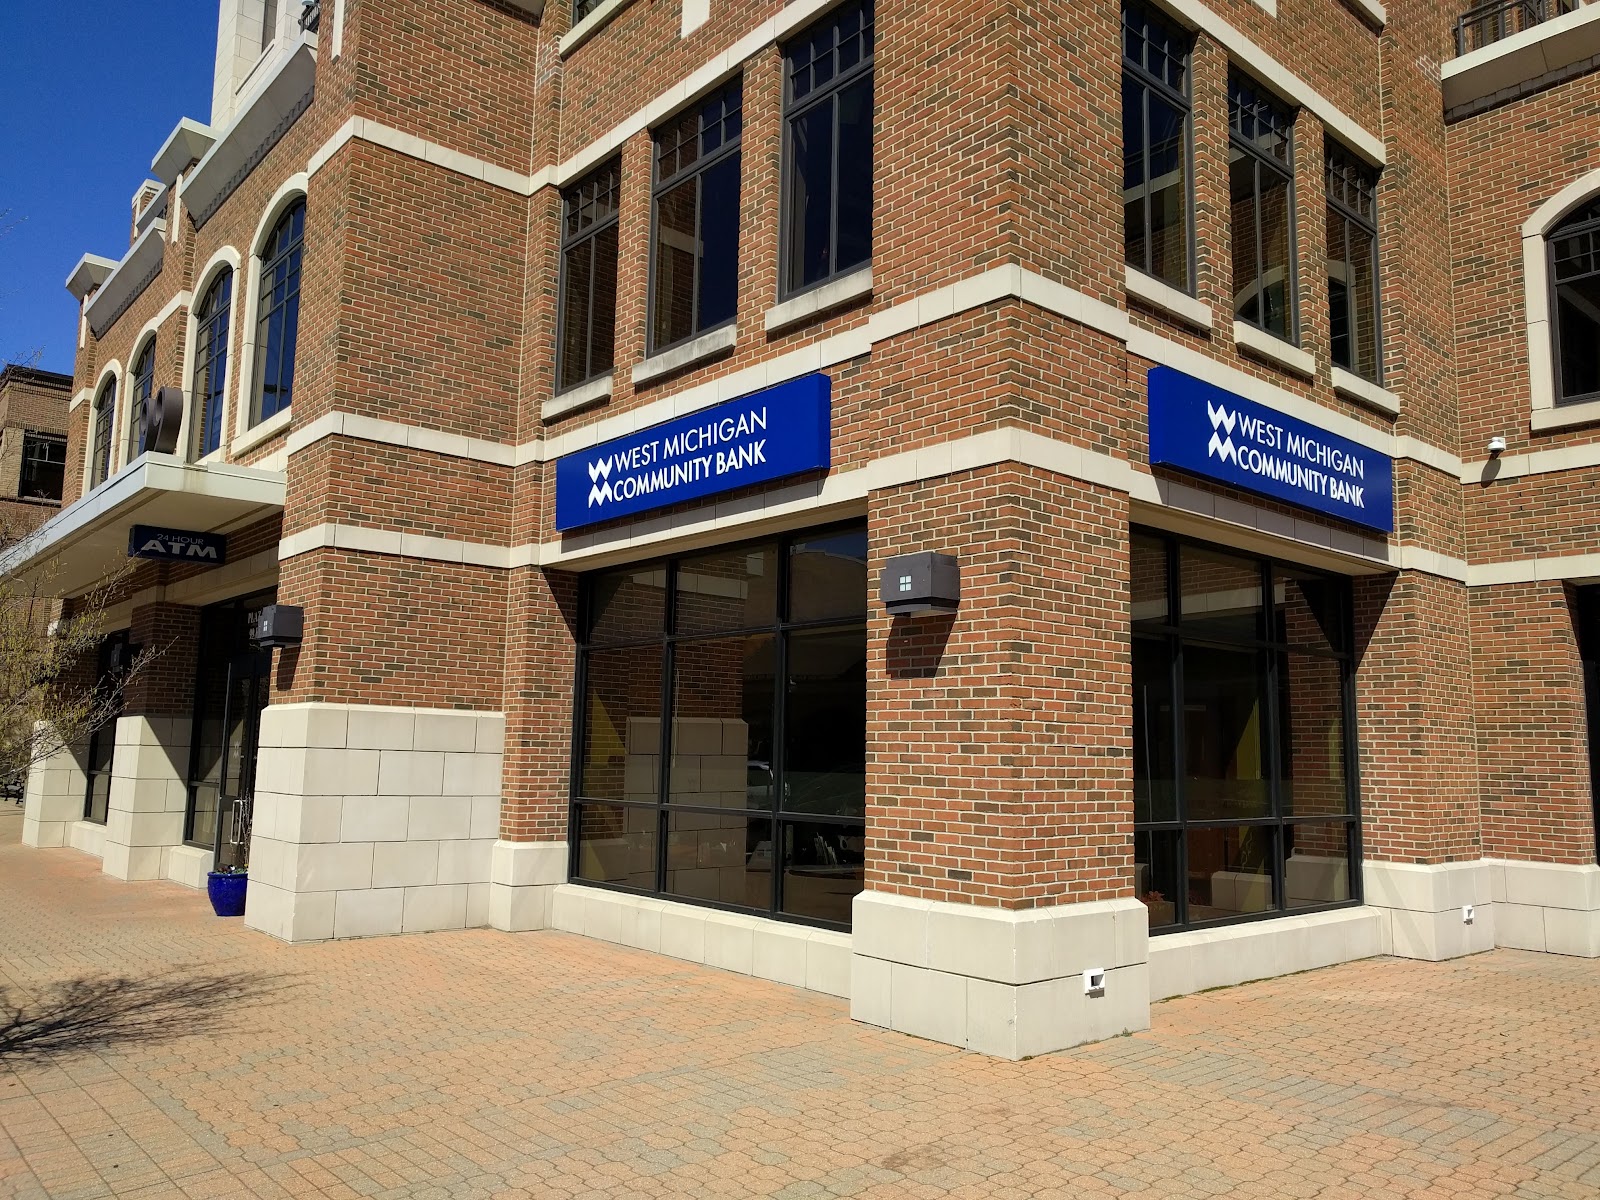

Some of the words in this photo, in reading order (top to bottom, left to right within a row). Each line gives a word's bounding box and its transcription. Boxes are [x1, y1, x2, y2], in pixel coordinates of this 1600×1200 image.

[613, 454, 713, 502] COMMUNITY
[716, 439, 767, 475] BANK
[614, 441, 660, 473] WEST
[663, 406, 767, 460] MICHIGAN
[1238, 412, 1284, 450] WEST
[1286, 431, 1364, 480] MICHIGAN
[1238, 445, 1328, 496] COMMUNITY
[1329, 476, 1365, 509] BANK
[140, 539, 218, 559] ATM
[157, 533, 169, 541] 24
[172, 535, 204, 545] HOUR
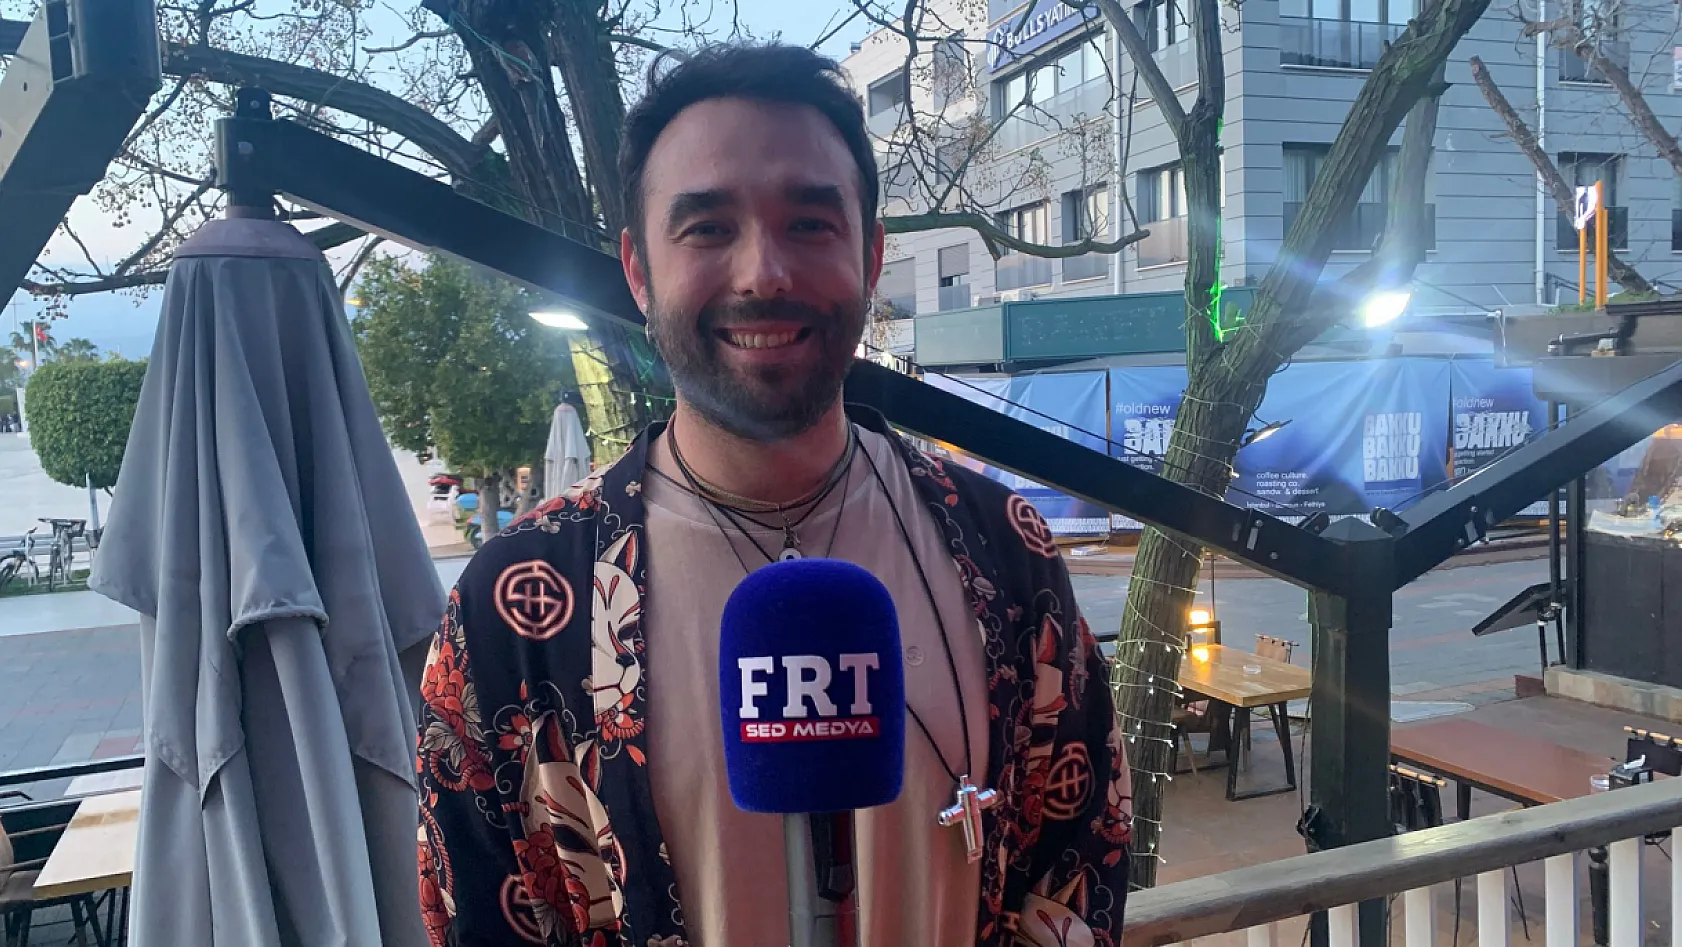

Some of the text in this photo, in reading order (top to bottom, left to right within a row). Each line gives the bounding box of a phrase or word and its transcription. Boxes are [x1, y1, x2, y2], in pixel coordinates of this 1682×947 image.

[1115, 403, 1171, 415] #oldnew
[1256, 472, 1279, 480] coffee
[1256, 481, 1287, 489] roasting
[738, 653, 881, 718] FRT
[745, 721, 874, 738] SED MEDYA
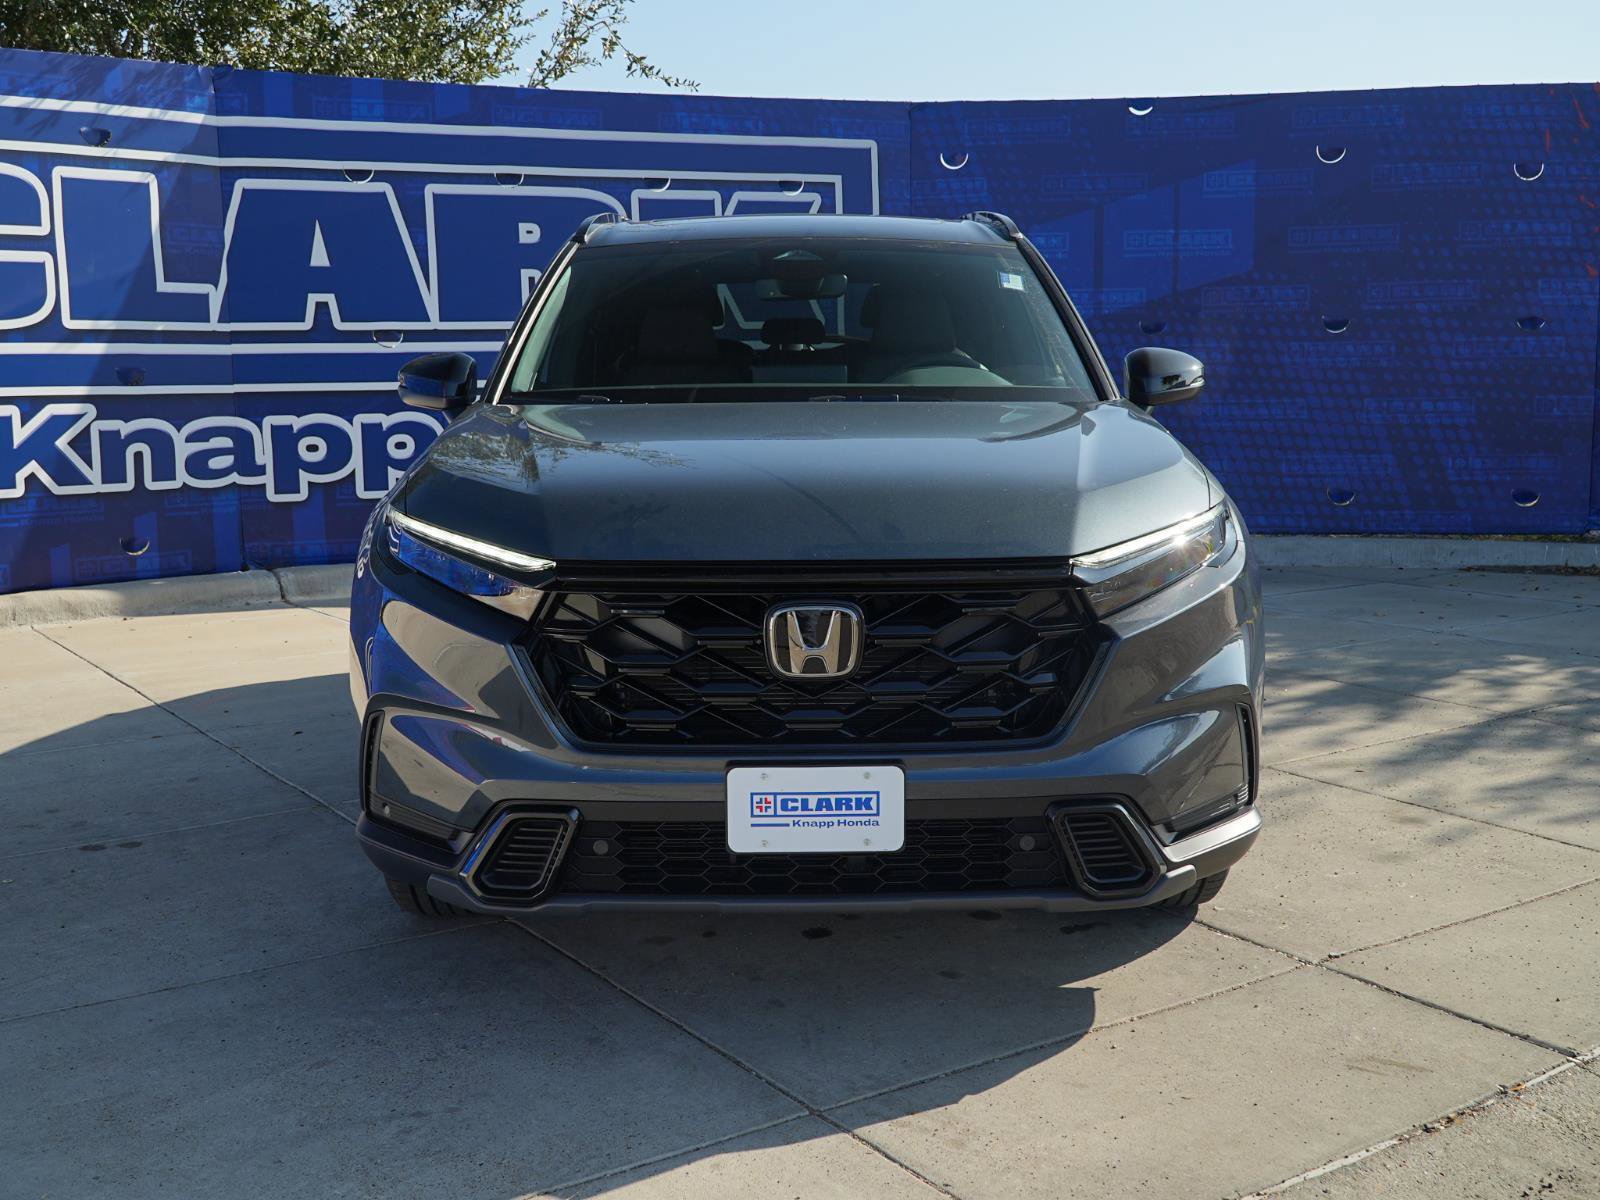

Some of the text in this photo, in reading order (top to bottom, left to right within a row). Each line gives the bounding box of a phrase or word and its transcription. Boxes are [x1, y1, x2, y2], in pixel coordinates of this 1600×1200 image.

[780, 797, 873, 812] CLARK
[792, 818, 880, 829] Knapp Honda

+-------+

# Task prompt:
Restate the records above in full, word for word. Keep pictures out.

# Response to this exercise:
Some of the words in this photo, in reading order (top to bottom, left to right within a row). Each line gives a word's bounding box and its transcription. Boxes are [x1, y1, x2, y2], in pixel coordinates of this 1600×1200 image.

[613, 454, 713, 502] COMMUNITY
[716, 439, 767, 475] BANK
[614, 441, 660, 473] WEST
[663, 406, 767, 460] MICHIGAN
[1238, 412, 1284, 450] WEST
[1286, 431, 1364, 480] MICHIGAN
[1238, 445, 1328, 496] COMMUNITY
[1329, 476, 1365, 509] BANK
[140, 539, 218, 559] ATM
[157, 533, 169, 541] 24
[172, 535, 204, 545] HOUR

Some of the text in this photo, in reading order (top to bottom, left to right within a row). Each line gives the bounding box of a phrase or word and its transcription. Boxes are [x1, y1, x2, y2], in pixel coordinates of this 1682×947 image.

[1115, 403, 1171, 415] #oldnew
[1256, 472, 1279, 480] coffee
[1256, 481, 1287, 489] roasting
[738, 653, 881, 718] FRT
[745, 721, 874, 738] SED MEDYA

Some of the text in this photo, in reading order (top to bottom, left to right within a row). Each line gives the bounding box of a phrase or word and its transcription. Boxes are [x1, y1, x2, y2], in pixel coordinates of this 1600×1200 image.

[780, 797, 873, 812] CLARK
[792, 818, 880, 829] Knapp Honda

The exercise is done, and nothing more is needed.